Construction of collagen gel with high viscoelasticity and thermal stability via combining cross‐linking and dehydration

Collagen gel is widely used in tissue engineering due to excellent biological properties and swollen three‐dimensional network structure. To improve viscoelasticity and thermal stability, collagen gels consisting of fibrils were cross‐linked with glutaraldehyde and sequentially dehydrated via ethanol or heating (named as EGC or HGC, respectively). For EGC, ethanol replaced free and loosely bound water and then combined with tightly bound water, inducing the increase in hydrogen bonds and molecular interactions.
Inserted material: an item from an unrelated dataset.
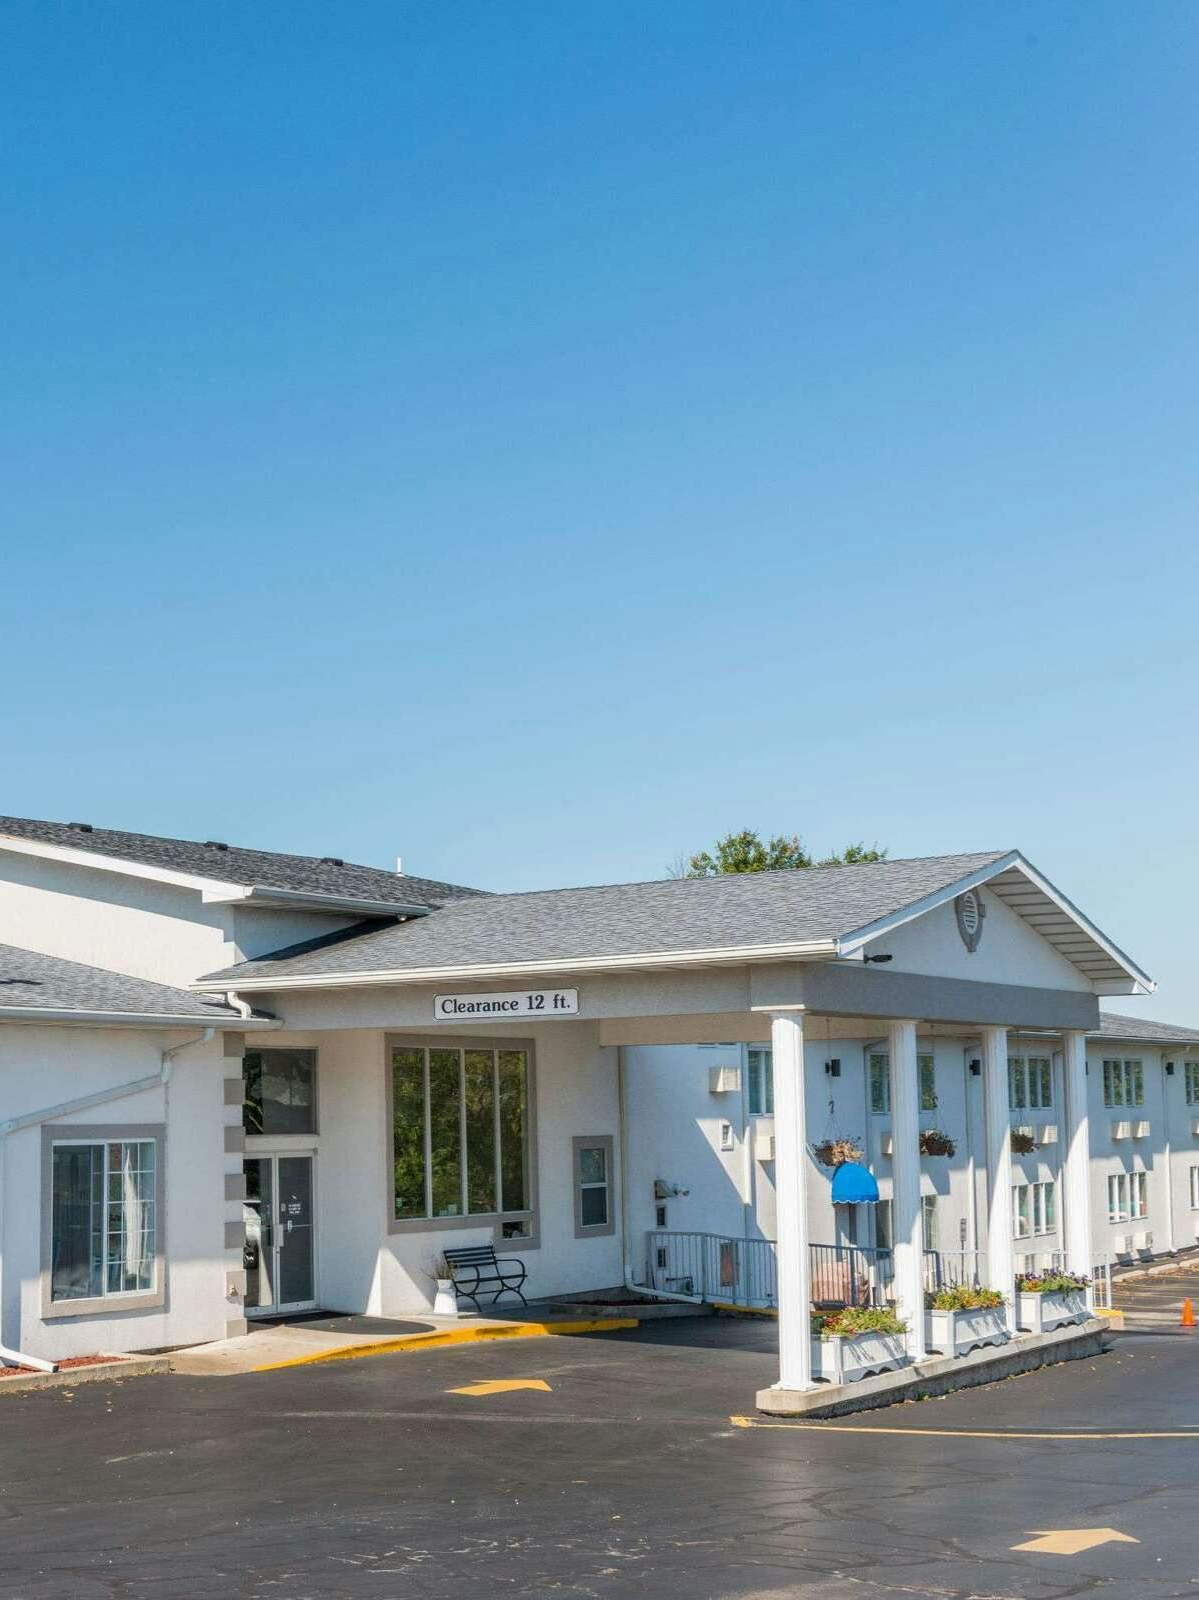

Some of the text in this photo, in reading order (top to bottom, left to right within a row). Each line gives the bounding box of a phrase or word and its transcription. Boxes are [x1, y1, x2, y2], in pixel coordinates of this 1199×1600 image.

[441, 993, 571, 1014] Clearance 12 ft.
Therefore, the thermal transition temperature ( T t ) and storage modulus ( G ′) obviously increased from 47.3 ± 0.5°C and 0.1 kPa to 92.7 ± 0.8°C and 7.8 kPa, respectively. Unfortunately, the high deformation ( γ  > 60%) and low recovery percentage ( R  < 15%) reflected the poor anti‐deformation of gels due to the volatility of ethanol. For HGC, the entanglement and rigidity of fibrils increased owing to the contraction of cross‐linked fibrils and cohesive action of denatured collagen. As a result, HGC were more resistant to deformation and exhibited more elasticity than native collagen gel, accompanied by the fact that G ′ and R increased to 28.8 kPa and 90.0% ± 0.7%. Additionally, HGC exhibited higher T t (121.4 ± 0.5°C) due to lower water content and higher collagen concentration.